The input ▸
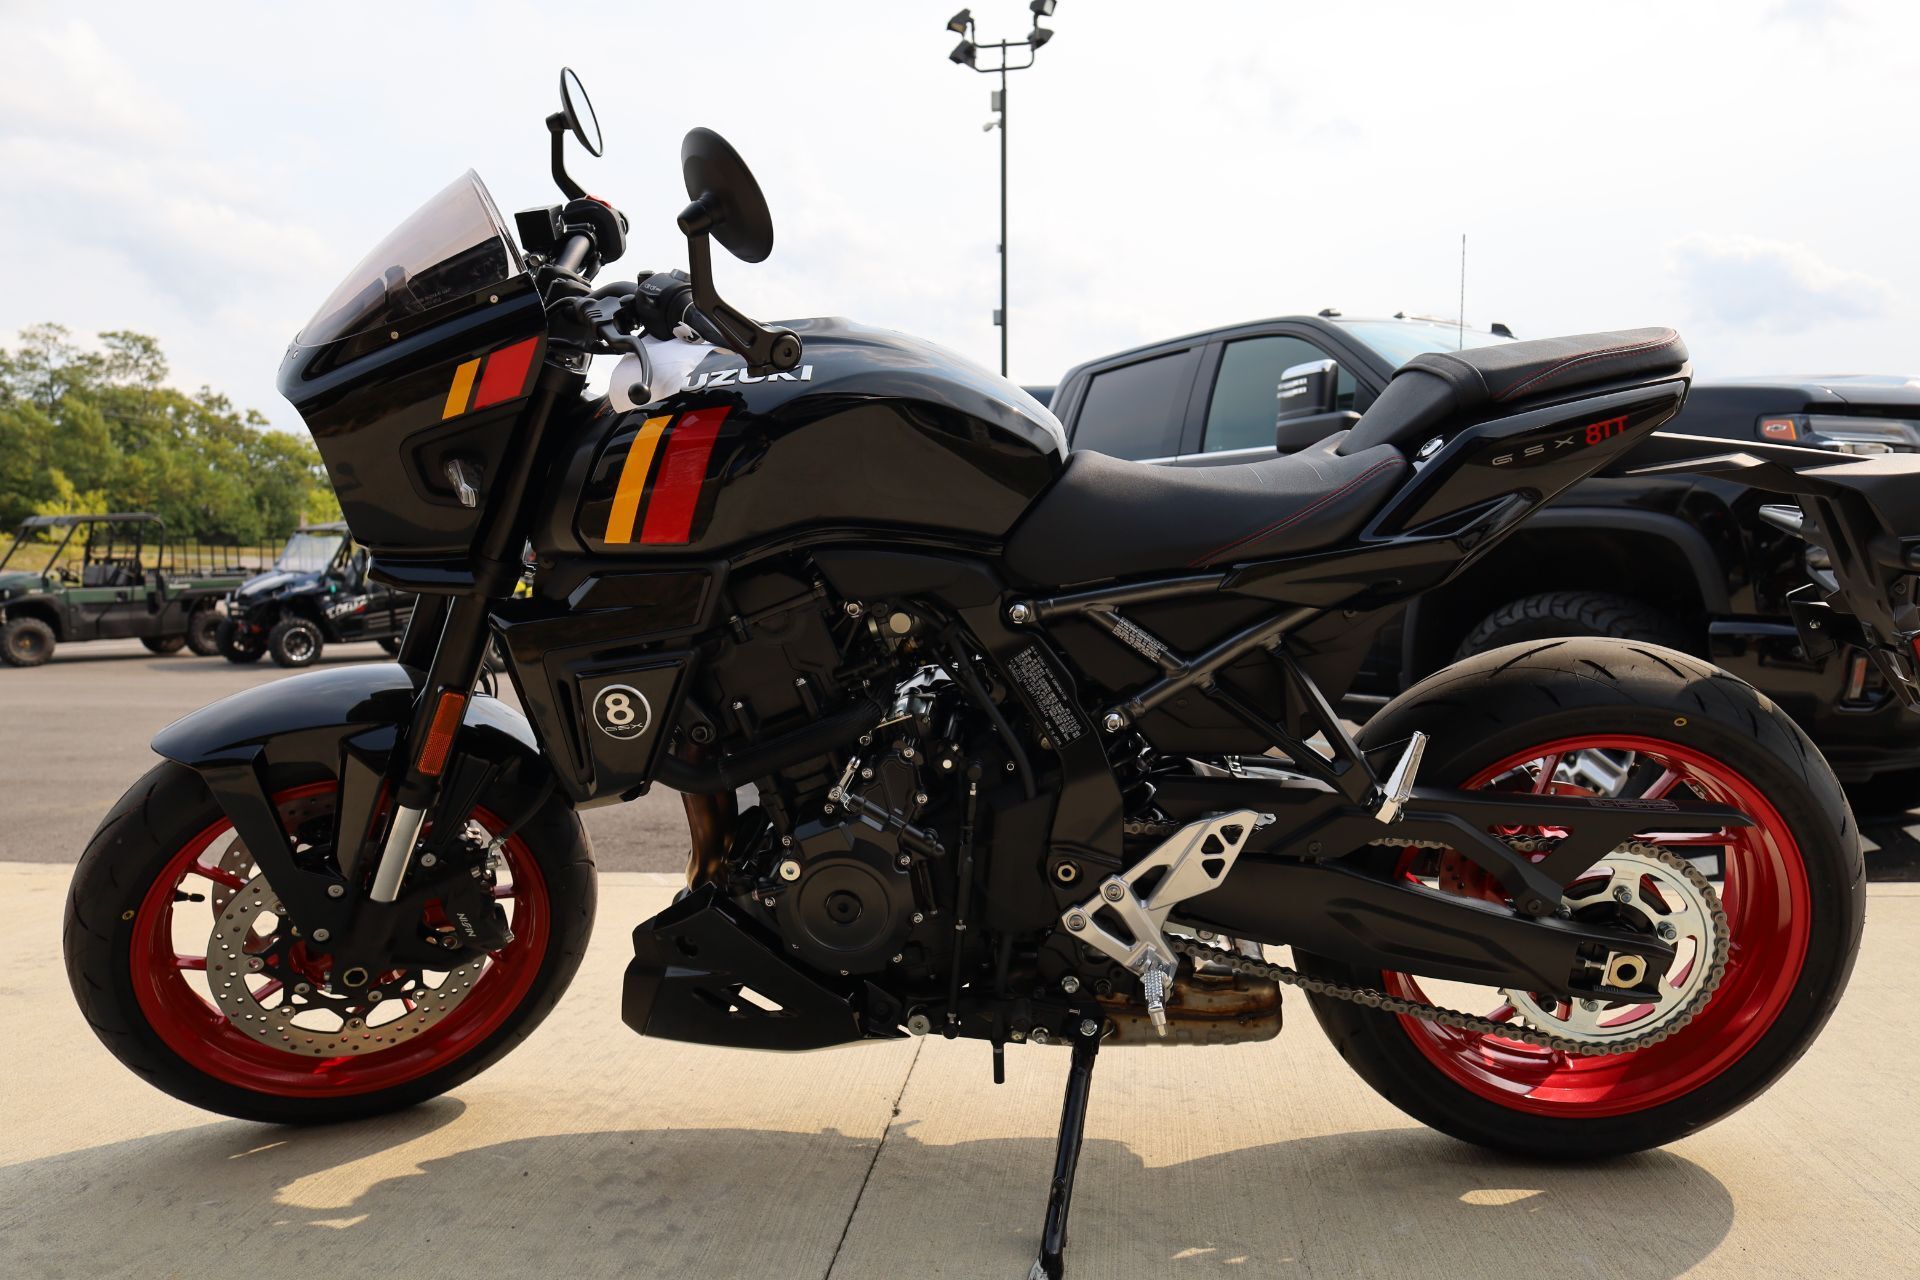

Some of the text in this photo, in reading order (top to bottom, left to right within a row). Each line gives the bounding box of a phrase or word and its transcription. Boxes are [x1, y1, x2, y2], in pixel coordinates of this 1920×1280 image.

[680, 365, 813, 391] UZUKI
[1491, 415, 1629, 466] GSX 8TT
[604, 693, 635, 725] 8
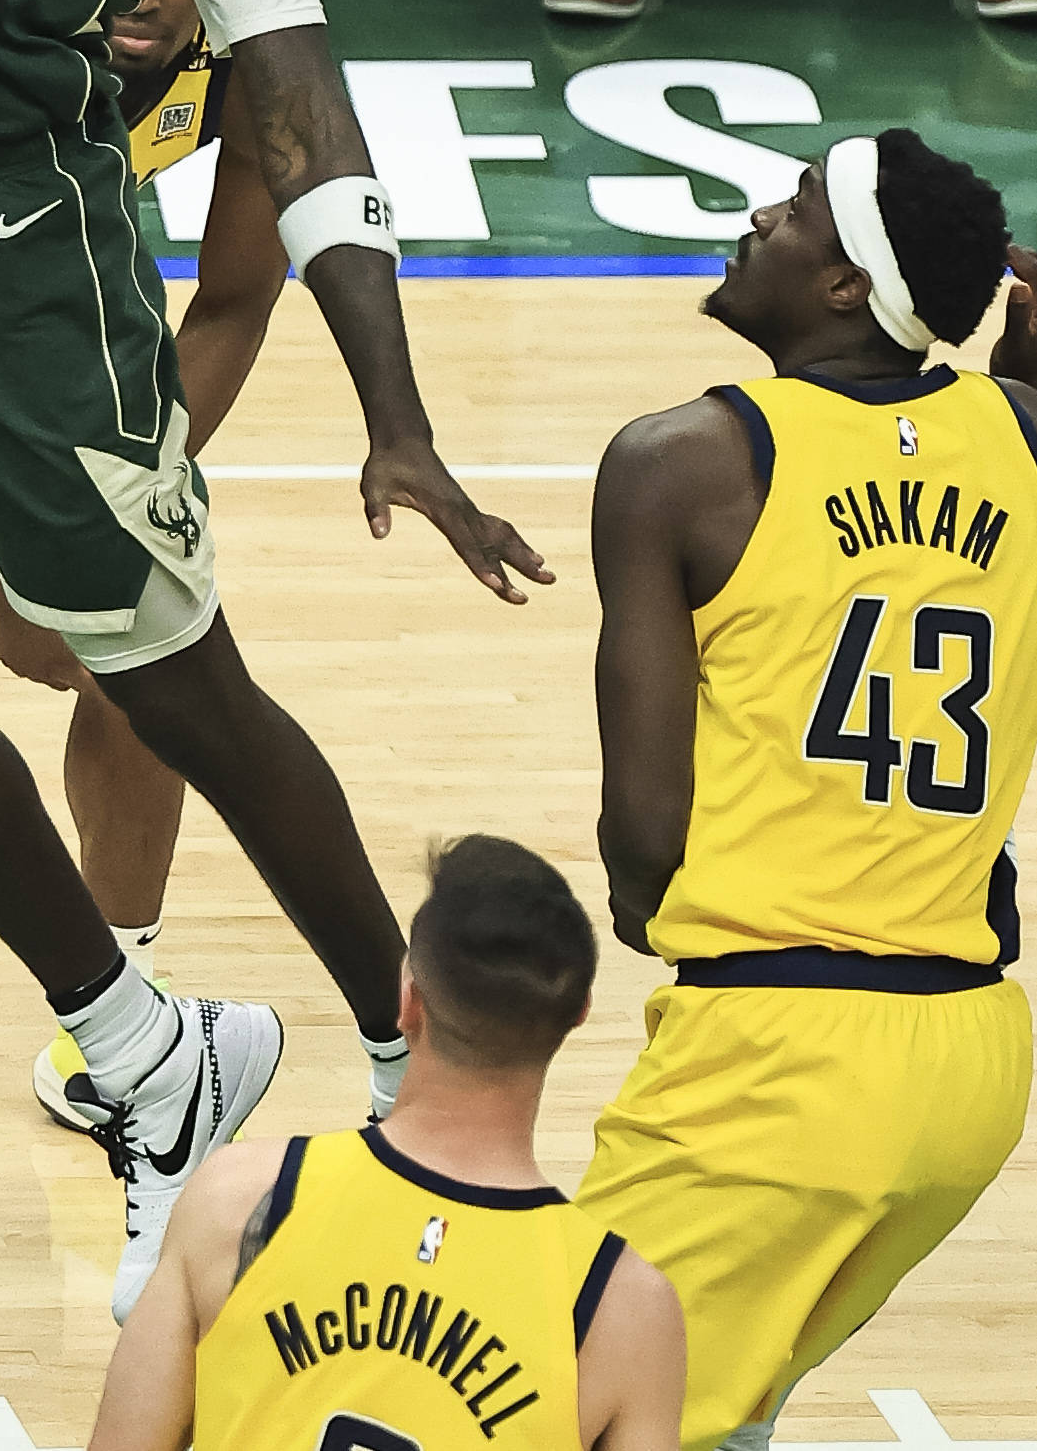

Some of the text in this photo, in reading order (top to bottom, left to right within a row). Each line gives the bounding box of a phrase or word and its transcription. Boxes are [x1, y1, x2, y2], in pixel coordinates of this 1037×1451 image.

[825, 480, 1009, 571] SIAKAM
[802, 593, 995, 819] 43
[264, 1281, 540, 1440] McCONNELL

About this exercise ▸
What must be returned is the line with "this 1037×1451 image." plus every line after it to the end of the entries, exactly as they appear.

Response to this task ▸
Some of the text in this photo, in reading order (top to bottom, left to right within a row). Each line gives the bounding box of a phrase or word and its transcription. Boxes are [x1, y1, x2, y2], in pixel coordinates of this 1037×1451 image.

[825, 480, 1009, 571] SIAKAM
[802, 593, 995, 819] 43
[264, 1281, 540, 1440] McCONNELL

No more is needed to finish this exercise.